# CPR Breaking Bones



## JohnJ (May 25, 2011)

How often are bones broken when giving CPR? My friend who is in rescue said that broken bones are common among CPR patients.


----------



## BEorP (May 25, 2011)

JohnJ said:


> How often are bones broken when giving CPR? My friend who is in rescue said that broken bones are common among CPR patients.
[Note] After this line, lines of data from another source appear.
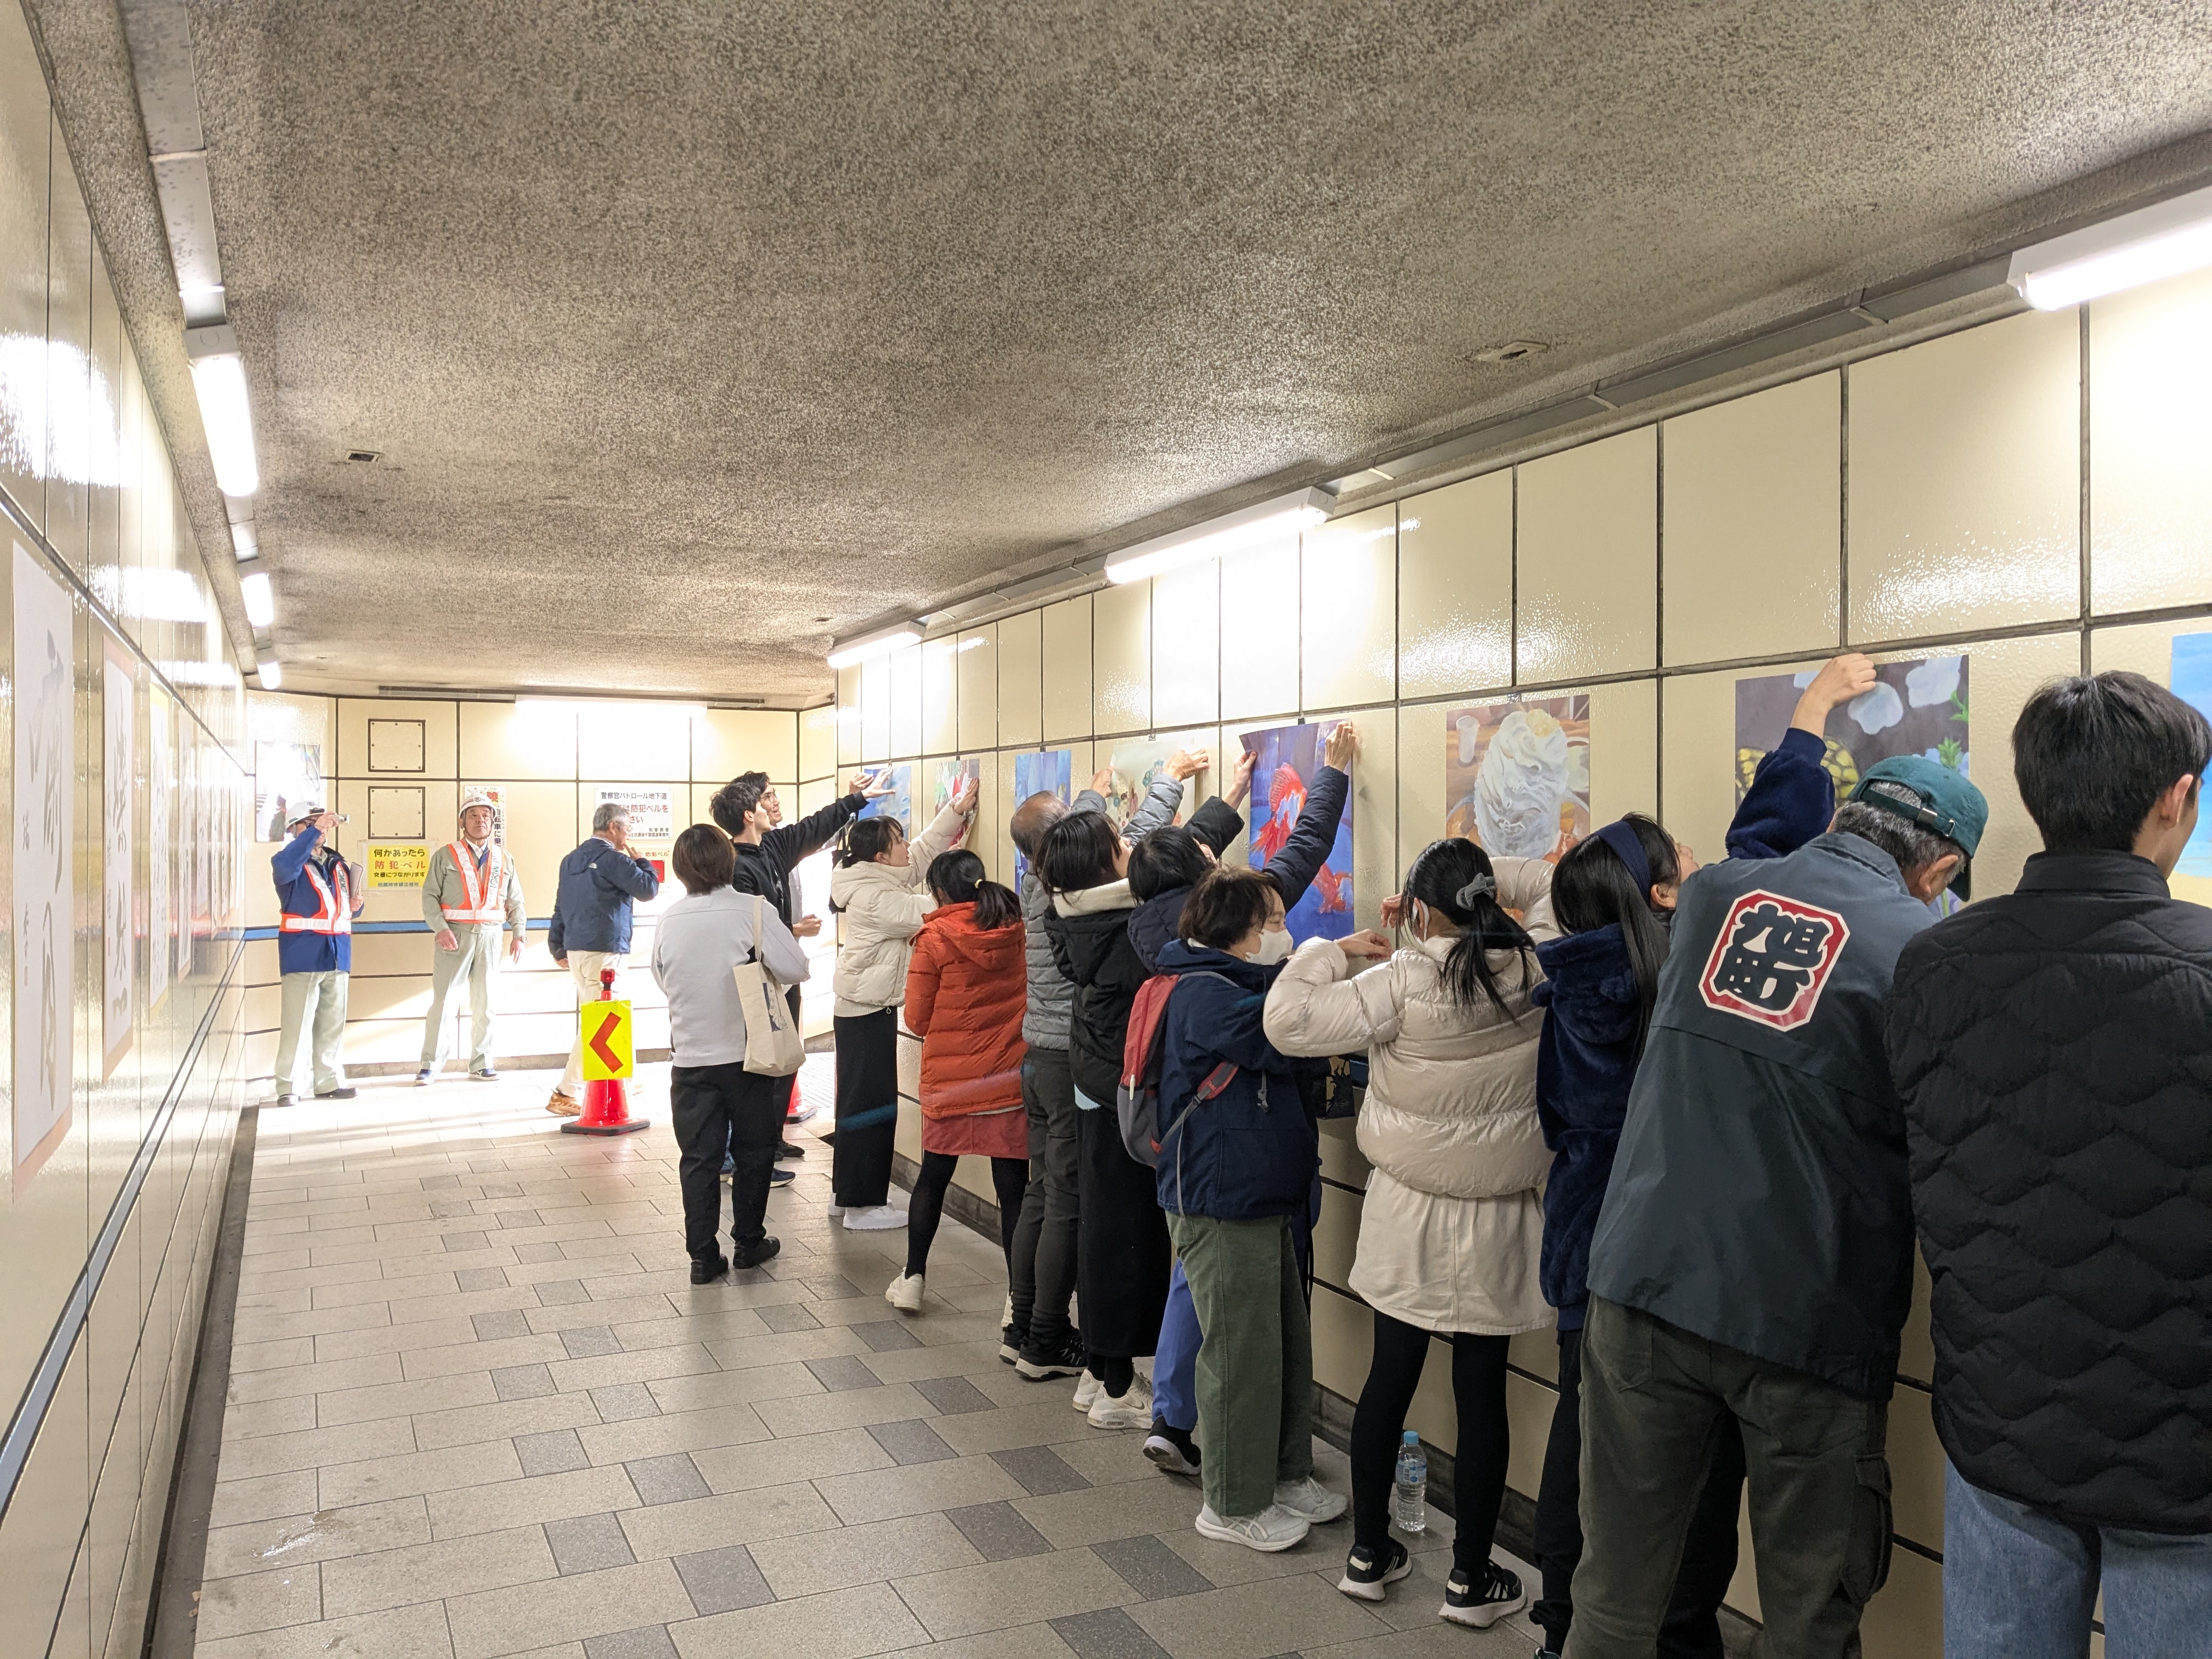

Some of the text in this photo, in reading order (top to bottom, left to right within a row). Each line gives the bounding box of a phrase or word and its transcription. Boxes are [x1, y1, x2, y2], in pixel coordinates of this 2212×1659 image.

[601, 792, 667, 800] 警察官パトロール地下道
[619, 804, 669, 813] は防犯ベルを
[374, 848, 425, 857] 何かあったら
[375, 860, 426, 870] 防犯ベル
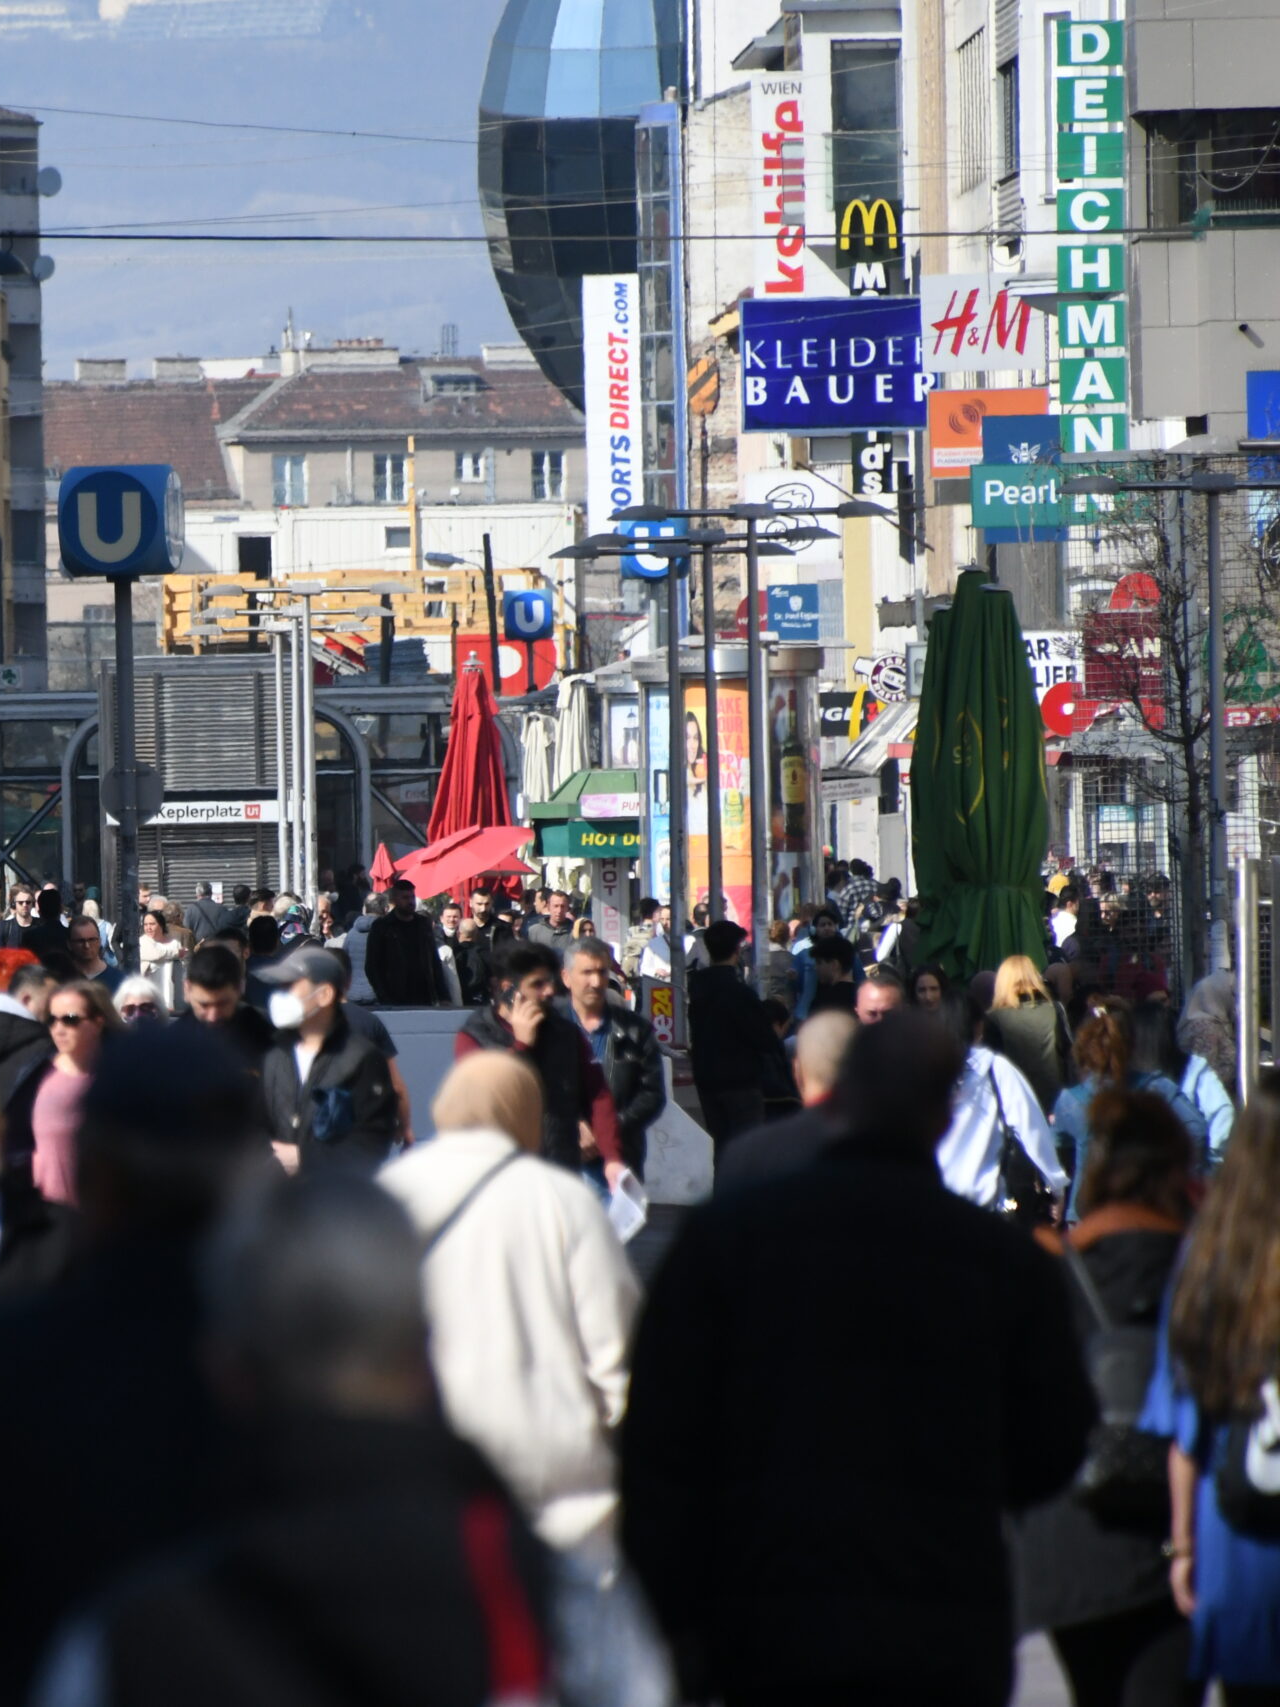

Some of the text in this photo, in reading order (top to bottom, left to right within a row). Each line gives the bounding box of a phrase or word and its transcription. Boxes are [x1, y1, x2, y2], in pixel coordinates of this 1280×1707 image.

[761, 81, 803, 95] WIEN
[931, 288, 1032, 356] H&M
[746, 374, 936, 406] BAUER
[610, 435, 632, 516] ORTS
[985, 479, 1062, 505] Pearl
[78, 491, 141, 563] U
[514, 600, 545, 633] U
[156, 805, 260, 822] Keplerplatz U1
[581, 833, 617, 847] HOT
[653, 987, 673, 1044] oe24
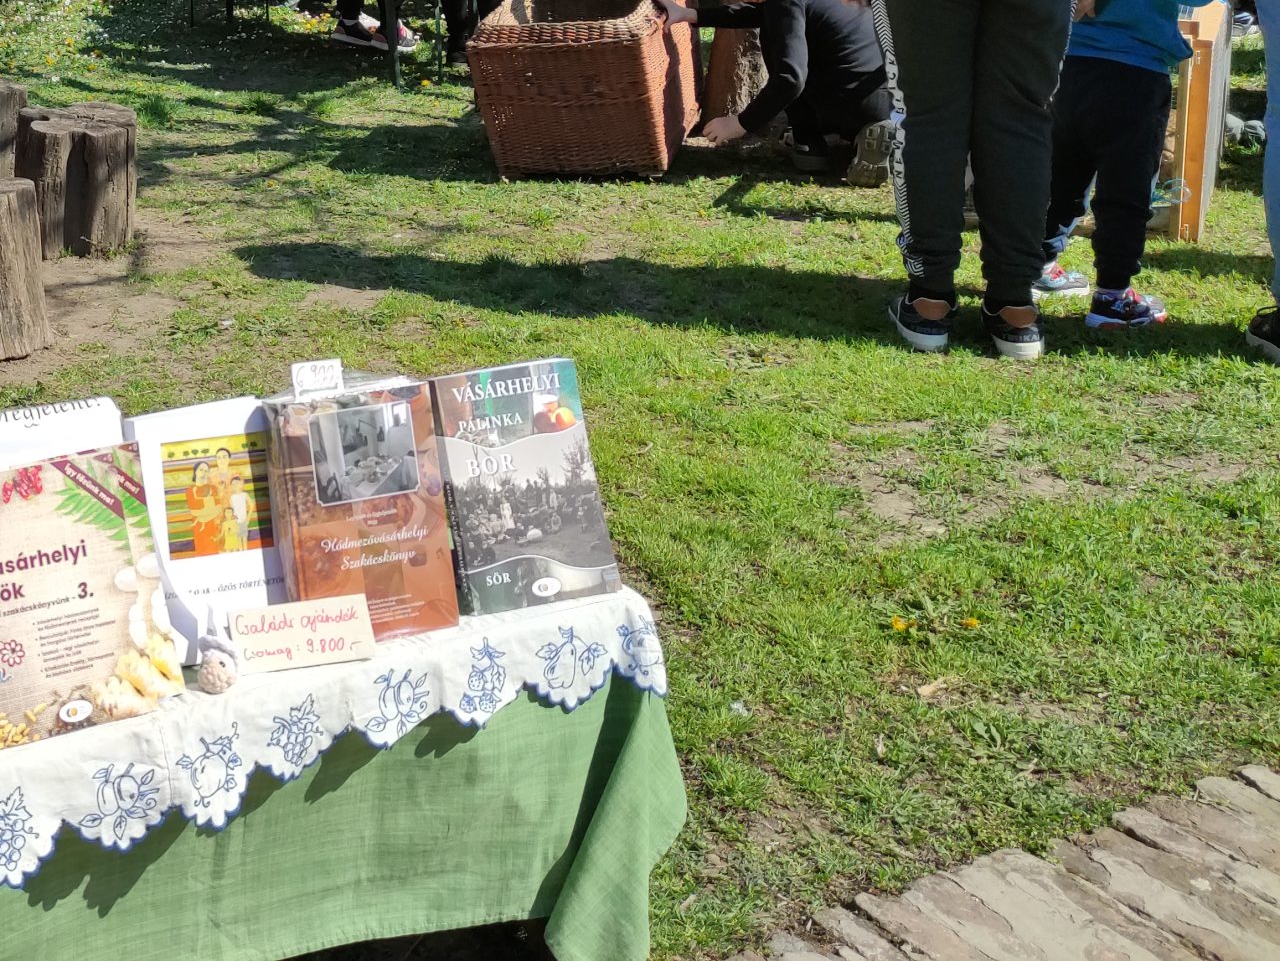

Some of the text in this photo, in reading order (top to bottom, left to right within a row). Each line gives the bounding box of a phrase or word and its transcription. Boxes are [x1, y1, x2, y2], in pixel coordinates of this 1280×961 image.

[452, 373, 561, 403] VÁSÁRHELYI
[459, 412, 523, 432] PÁLINKA
[466, 453, 516, 478] BOR
[320, 525, 429, 553] Hódmezővásárhelyi
[340, 549, 417, 570] Szakácskönyv
[77, 581, 95, 599] 3.
[485, 572, 512, 587] SÖR
[236, 612, 296, 636] Családi
[300, 606, 359, 632] ajándék
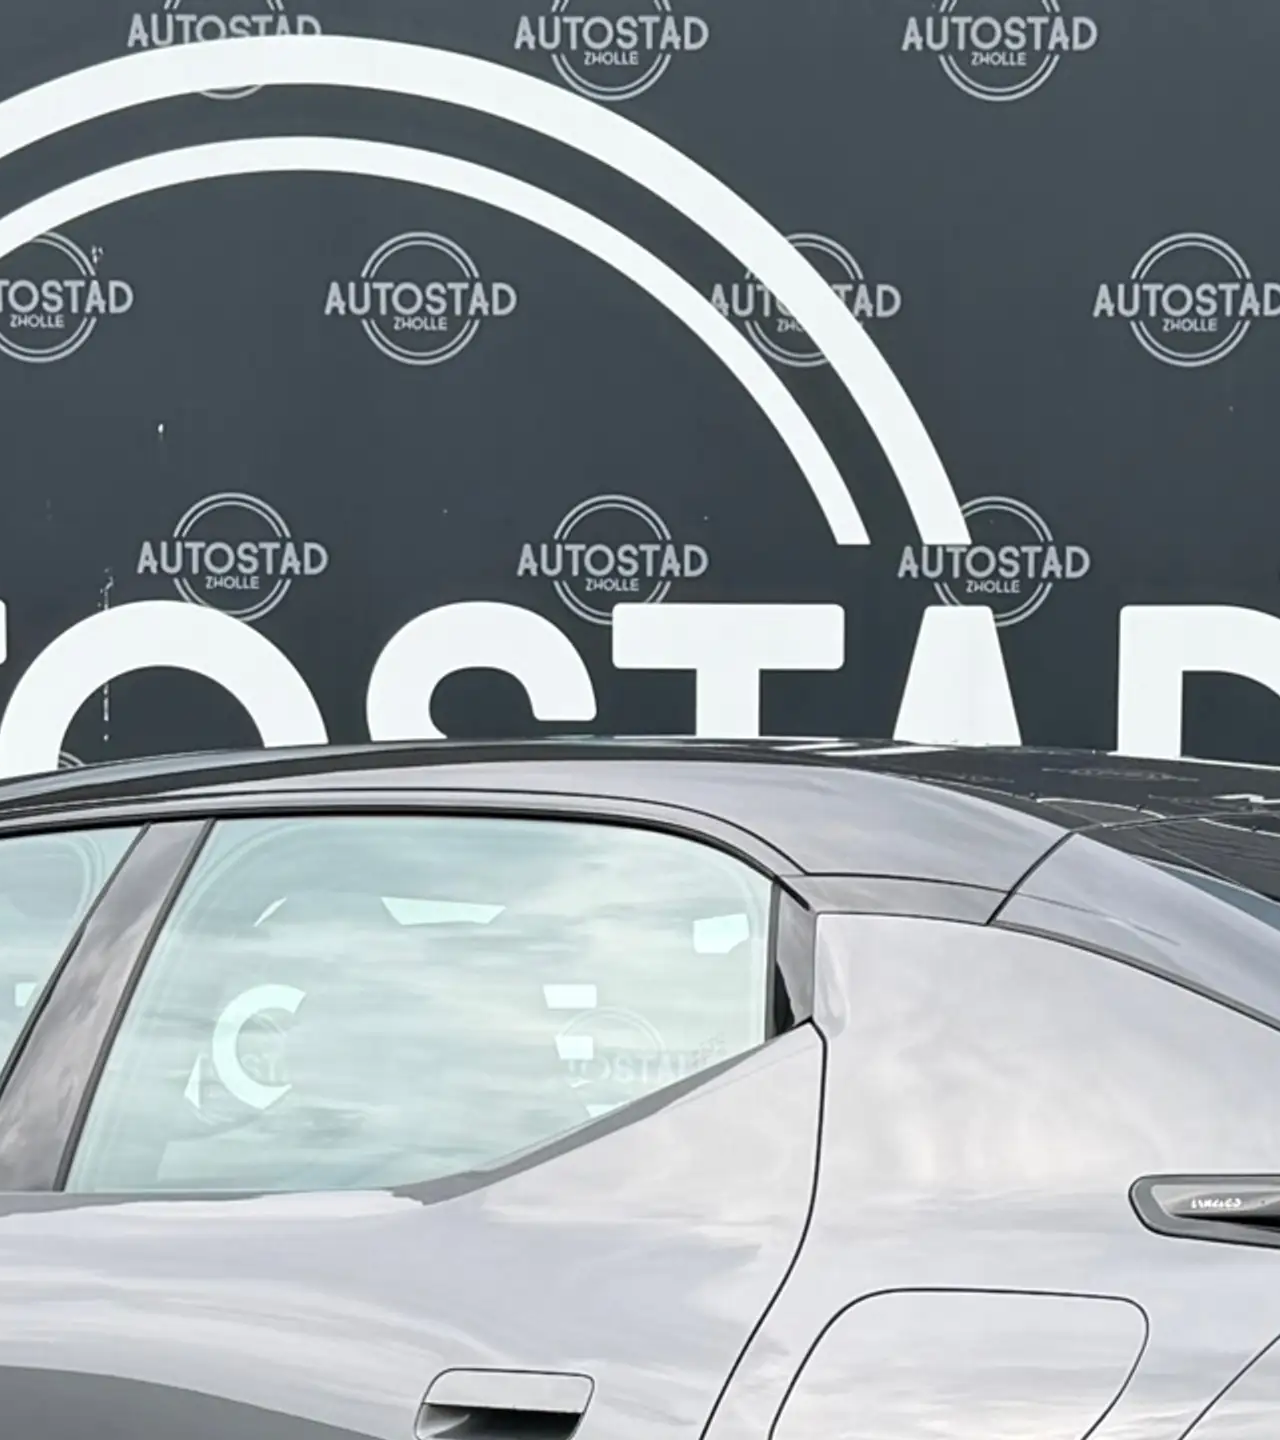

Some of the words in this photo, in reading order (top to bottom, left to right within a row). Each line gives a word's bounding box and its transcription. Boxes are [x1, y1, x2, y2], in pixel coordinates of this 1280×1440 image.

[127, 13, 321, 47] AUTOSTAD
[514, 16, 709, 50] AUTOSTAD
[902, 16, 1097, 51] AUTOSTAD
[324, 281, 517, 316] AUTOSTAD
[711, 283, 901, 318] AUTTAD
[137, 541, 328, 575] AUTOSTAD
[517, 543, 708, 577] AUTOSTAD
[898, 545, 1090, 578] AUTOSTAD
It is common to hear (or even feel) cracking ribs while performing CPR. It really shouldn't be a concern while you are performing CPR though.


----------



## marcus2011 (May 25, 2011)

Like the man said before me...it is common to hear and feel bones cracking but having some broken ribs is a much better outcome than if you stopped cpr due to broken ribs or sternum


----------



## Shishkabob (May 25, 2011)

I can honestly say in all the arrests I've worked, I haven't heard or felt a single crack.


----------



## Cawolf86 (May 25, 2011)

To me it feels more like a popping or snapping of cartilage.


----------



## Symbolic (May 25, 2011)

I always equated that initial popping/cracking sensation to be the cartilage as well. After a few compressions the chest loosens up and provides less resistance. Definitely an odd sensation at first.


----------



## AustinNative (May 25, 2011)

The first time I felt crepitus, it freaked me out a bit.  However, the adrenaline was kicking in pretty heavily, so I just kept on pumping.


----------



## mgr22 (May 26, 2011)

It's not uncommon for ribs to break during CPR. I've been wondering whether compressions might be more effective once the sternum collapses, particularly on barrel-chested patients.


----------



## usafmedic45 (May 26, 2011)

In the series of autopsy cases that survived to hospital admission among my research database, those who underwent CPR almost universally have sternal and/or rib fractures.  Of course, these are folks who died of blunt trauma for the most part (some drownings and other assorted causes) but it's nearly universal and a significant increase above the baseline for those who survived long enough to warrant resuscitation efforts.


----------



## mgr22 (May 26, 2011)

usafmedic45 said:


> In the series of autopsy cases that survived to hospital admission among my research database, those who underwent CPR almost universally have sternal and/or rib fractures.  Of course, these are folks who died of blunt trauma for the most part (some drownings and other assorted causes) but it's nearly universal and a significant increase above the baseline for those who survived long enough to warrant resuscitation efforts.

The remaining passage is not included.